Dry gravel Zen garden

Developing a narrative

Developing a Narrative

Every aspect of gardening is a form of deception. With plants. paths, stone and water the gardener contrives to tell a story of time and space in their image. In some cases he narrative is explicit.
Daisen-in (大仙院) is a sub-temple of Daitoku-ji, is  one of the most important Rinzai Buddhist  temples of Kyoto. The garden wrapping around the temple is a Chinese painting represented in 3 dimensions. It starts with water flowing from the mountain eventually ending in the ocean, Along the way there are treasure boats floating down stream and turtles trying to swim against the current and so to a wide open sea.

Other narratives are less explicit-such as the recreation of an artisan’s cottage garden of a Britain  past or  a representation of a broad north American prairie or the recreation of a central American tropical rainforest in your back garden. I have in the past played with them all.
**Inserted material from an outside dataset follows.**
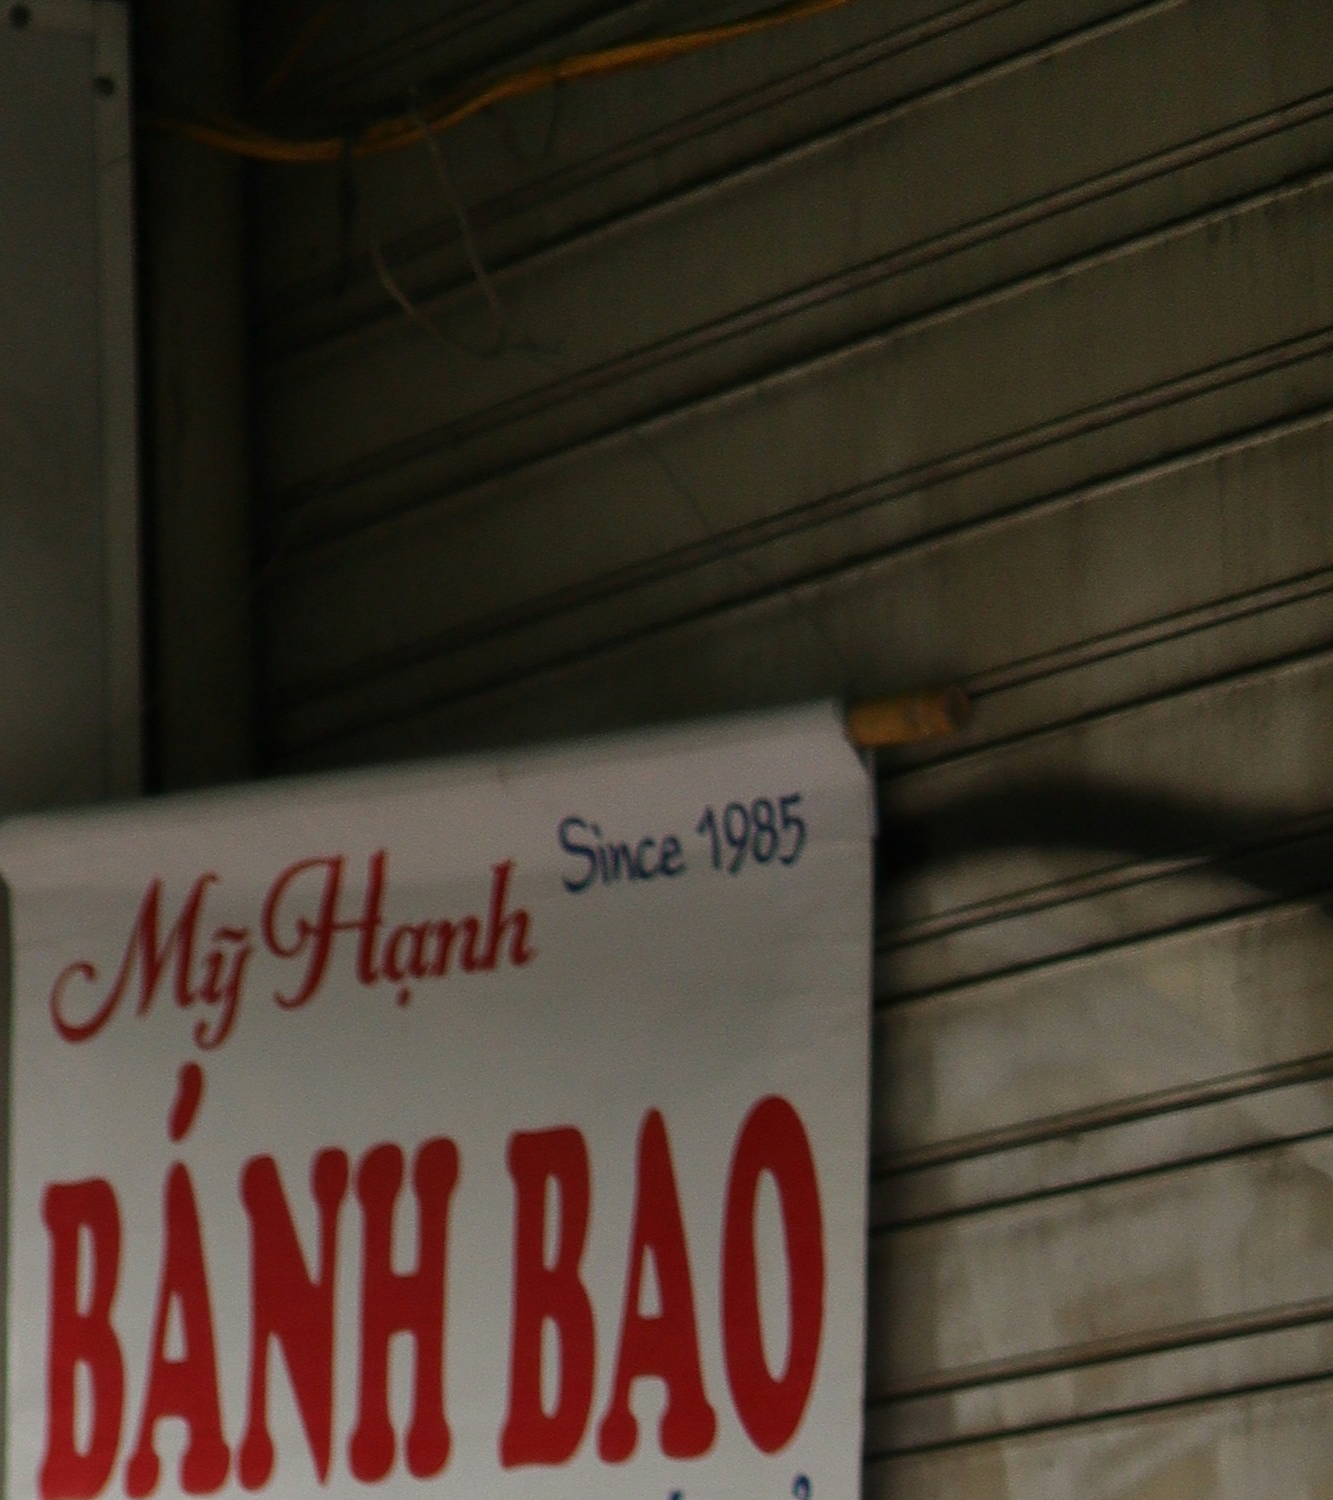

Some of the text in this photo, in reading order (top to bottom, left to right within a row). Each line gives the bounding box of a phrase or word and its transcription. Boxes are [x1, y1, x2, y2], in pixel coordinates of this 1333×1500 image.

I have a steep slope. I have engineered a meandering path up the slope. The pathway up a mountain to visit the hermit’s hut provides its own narrative. The ink painting attributed to Shubun – San’eki Sai – “the hermitage of the three worthies”  –  and the detail from Sesshu’s screen “Landscape of the four seasons” provides a view of what I might aspire to.

Chinese Ink painting
Chinese ink painting
Sloping garden under construction

The  story I am planning to tell starts at the level of the house and passes up next to a waterfall and then zig-zags through shrubs and small trees to an upland meadow to the plateau at the top – where one can visit the hermit and drink tea in the captured scenery. The South Pennines does not have pointy mountains like Kyoto, but broad flat tops – but it is scenery.
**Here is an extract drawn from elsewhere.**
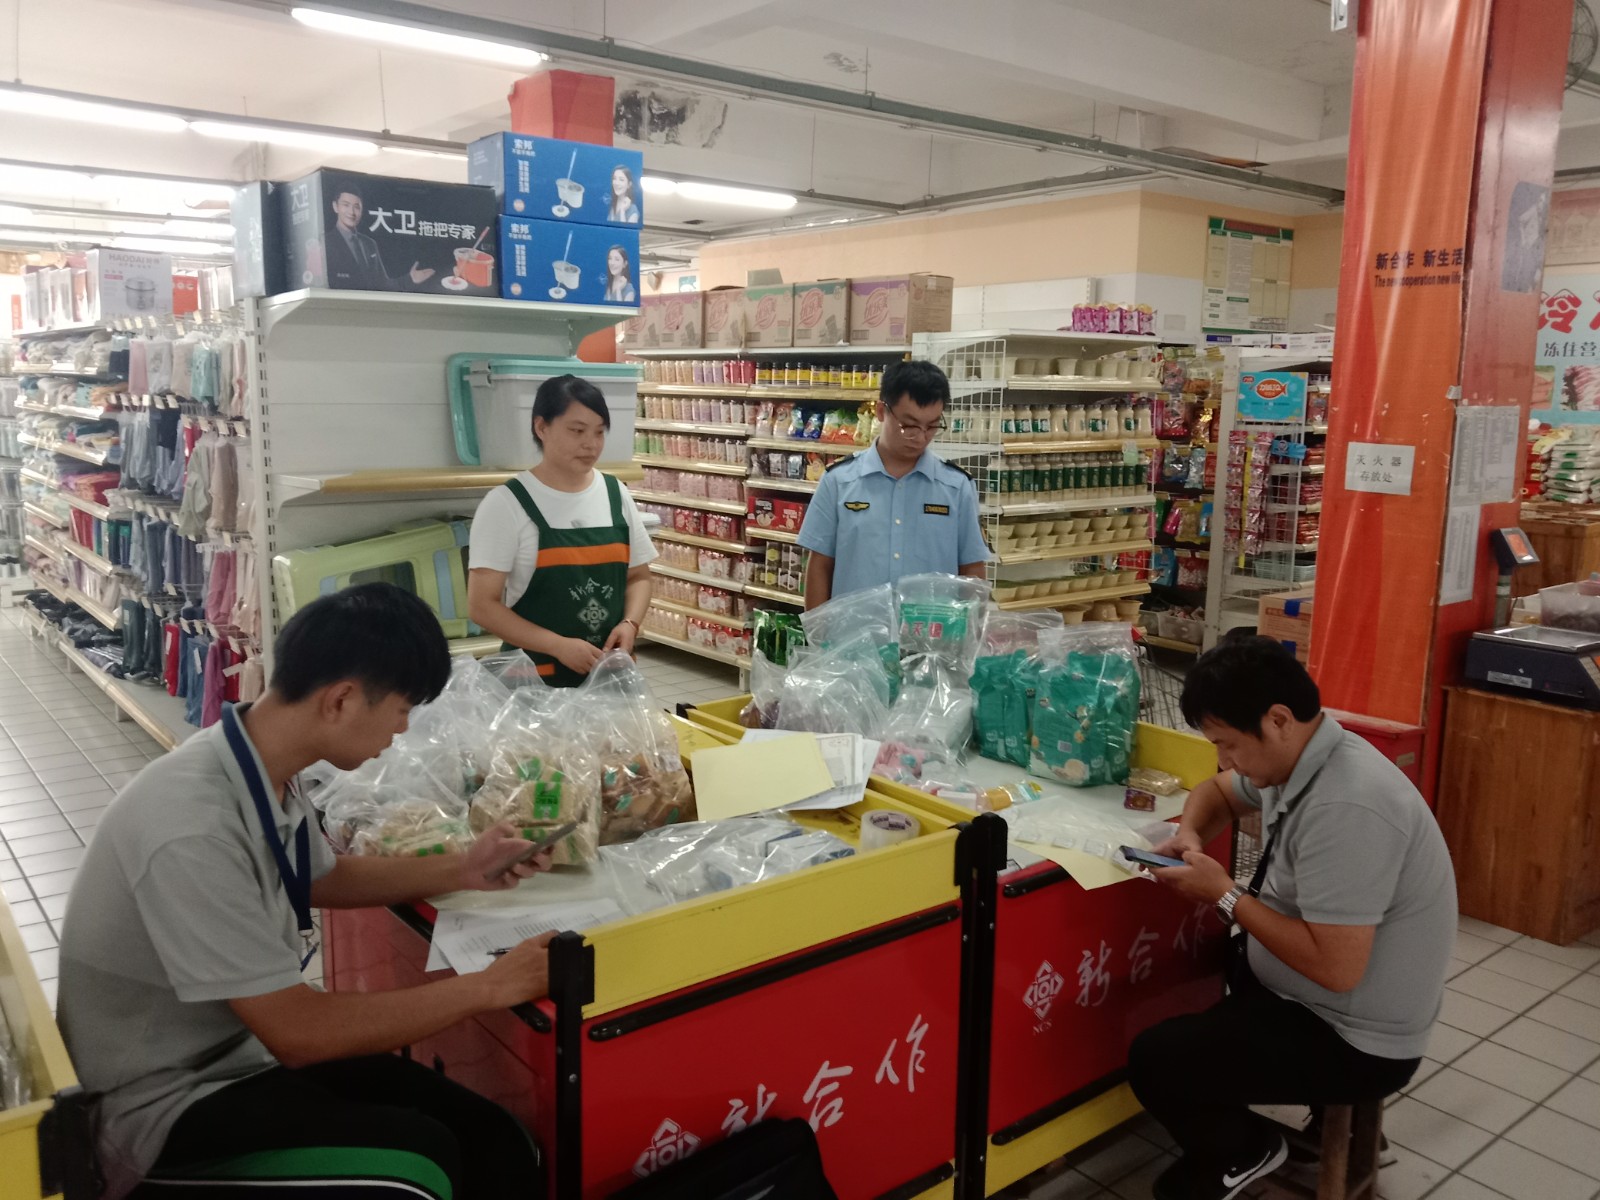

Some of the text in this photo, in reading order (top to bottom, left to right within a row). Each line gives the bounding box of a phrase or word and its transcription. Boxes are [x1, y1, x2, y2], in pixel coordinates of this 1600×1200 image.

There are other, more domestic spaces close t the house- they will tell different stories- but

this story is more than enough work for the present.

The images.

When I visited Daisen-in I was not permitted to take photographs. The photographs I have provided were taken by the late David Burgess and are available in the Japanese Garden Society database of images of Japanese Gardens – https://japanesegardens.piwigo.com/

The two details of Shubun – Saneki Sai – the hermitage of the three worthies and  Sesshus screen Landscape of the four seasons” come from Wiki media commons

All other images are my own.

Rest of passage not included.